Die Befürchtungen bestätigten sich: Meniskusriss. Es begann ein Rennen gegen die Zeit, in drei Wochen fand die WM statt. In einer halbstündigen Arthroskopie, damals eine neuartige Operationsmethode, entfernte Dr. Bernhard Segesser den linken Innenmeniskus. Täglich berichteten die Medien ausführlich über das «Knie der Nation». Die ganze Schweiz fieberte mit. Die Telefonleitungen in der Rennbahnklinik brachen zusammen. «Die Anteilnahme», sagt Zurbriggen, «war überwältigend. Manchmal fühlte ich mich aber nicht mehr ganz wohl in meiner Haut.» Nur zwei Wochen nach der Operation nahm Zurbriggen in Bormio das Training auf - und 20 Tage später war er Weltmeister. 1,749 Millionen schauten am Fernsehen zu, wie er vor Peter Müller Abfahrtsweltmeister wurde. Das ist bis heute TV-Quotenrekord. Zurbriggen gewann anschliessend auch die Kombination. Im Riesenslalom musste er Markus Wasmeier um fünf Hundertstel den Vortritt lassen. 1987 in Crans-Montana doppelte er nach und holte zwei Gold- und zwei Silbermedaillen - den Titel im «Riesen» am 24. Geburtstag.

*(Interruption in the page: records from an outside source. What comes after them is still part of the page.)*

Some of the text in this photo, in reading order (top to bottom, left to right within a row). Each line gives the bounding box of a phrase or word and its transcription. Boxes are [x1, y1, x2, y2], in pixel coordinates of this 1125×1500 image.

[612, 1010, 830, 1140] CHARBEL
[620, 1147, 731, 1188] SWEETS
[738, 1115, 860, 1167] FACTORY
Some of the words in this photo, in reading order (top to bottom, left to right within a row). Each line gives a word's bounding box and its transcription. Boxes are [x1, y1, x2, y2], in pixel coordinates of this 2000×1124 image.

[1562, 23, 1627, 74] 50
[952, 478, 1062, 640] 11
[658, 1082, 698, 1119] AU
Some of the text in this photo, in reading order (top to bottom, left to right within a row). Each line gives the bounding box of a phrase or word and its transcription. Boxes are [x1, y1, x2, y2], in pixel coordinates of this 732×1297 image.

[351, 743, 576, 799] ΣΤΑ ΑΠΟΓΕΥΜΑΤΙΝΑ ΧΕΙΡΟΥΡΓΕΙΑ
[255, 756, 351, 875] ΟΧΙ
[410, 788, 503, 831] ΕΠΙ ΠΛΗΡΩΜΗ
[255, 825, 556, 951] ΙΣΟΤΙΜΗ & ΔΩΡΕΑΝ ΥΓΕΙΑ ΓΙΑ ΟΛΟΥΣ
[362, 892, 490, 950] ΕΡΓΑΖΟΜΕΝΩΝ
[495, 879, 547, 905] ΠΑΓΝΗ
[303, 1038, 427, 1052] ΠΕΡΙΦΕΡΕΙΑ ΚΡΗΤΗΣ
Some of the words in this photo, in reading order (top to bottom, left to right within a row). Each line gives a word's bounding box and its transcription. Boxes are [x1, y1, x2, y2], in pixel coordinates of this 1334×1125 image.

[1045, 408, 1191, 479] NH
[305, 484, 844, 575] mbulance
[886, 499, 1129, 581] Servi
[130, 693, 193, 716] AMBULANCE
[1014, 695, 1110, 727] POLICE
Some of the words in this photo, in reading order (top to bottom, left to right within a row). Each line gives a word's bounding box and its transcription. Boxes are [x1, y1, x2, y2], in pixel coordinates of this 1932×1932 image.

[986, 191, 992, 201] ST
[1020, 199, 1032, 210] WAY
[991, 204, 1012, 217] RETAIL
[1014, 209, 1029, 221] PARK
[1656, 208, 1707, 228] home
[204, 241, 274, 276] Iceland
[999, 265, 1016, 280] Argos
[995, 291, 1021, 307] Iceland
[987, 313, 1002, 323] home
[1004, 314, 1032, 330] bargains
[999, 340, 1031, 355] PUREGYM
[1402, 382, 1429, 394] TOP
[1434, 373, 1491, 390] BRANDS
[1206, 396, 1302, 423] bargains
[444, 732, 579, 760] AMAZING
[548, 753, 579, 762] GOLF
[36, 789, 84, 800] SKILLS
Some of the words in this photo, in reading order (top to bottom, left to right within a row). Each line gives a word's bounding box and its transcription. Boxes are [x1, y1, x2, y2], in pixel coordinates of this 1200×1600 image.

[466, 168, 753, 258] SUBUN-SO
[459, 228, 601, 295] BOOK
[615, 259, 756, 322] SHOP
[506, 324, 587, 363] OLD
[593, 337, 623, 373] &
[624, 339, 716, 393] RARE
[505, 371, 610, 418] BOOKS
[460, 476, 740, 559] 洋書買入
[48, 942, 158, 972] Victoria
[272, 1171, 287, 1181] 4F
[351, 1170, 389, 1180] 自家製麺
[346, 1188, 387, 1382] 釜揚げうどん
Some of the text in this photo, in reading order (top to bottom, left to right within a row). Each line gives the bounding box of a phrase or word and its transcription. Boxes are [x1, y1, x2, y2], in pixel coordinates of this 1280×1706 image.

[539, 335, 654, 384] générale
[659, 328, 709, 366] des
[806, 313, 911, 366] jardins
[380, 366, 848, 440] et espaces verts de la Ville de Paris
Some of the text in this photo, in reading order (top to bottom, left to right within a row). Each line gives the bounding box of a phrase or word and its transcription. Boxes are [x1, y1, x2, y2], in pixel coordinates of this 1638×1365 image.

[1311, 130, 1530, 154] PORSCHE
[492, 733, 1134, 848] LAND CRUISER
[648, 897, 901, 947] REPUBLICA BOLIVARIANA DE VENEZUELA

Zurbriggen gewann neben WM- und Olympia-Gold viermal den Gesamtweltcup und insgesamt 40 Rennen. Im Alter von 27 Jahren trat er zurück. Mehrere Jahre gehörte er dem Swiss-Ski-Präsidium an, ehe er den Bettel hinschmiss. Er ist aber nach wie vor Präsident des Walliser Skiverbandes. Sein ältester Sohn Elia (22) bestritt in Adelboden sein erstes Weltcuprennen. Pirmin (20) fährt FIS-Rennen. Maria (17) gab vor kurzem ihr Comeback. Und Alain (14) ist auf JO-Stufe aktiv. Mit ihnen und seiner Frau Moni wird er heute feiern. Dem «Knie der Nation» geht es auch mit 50 blendend. «Es funktioniert immer noch einwandfrei. Dafür zwickt es an andern Orten.» Auch ein Jahrhundertsportler bleibt davor nicht verschont.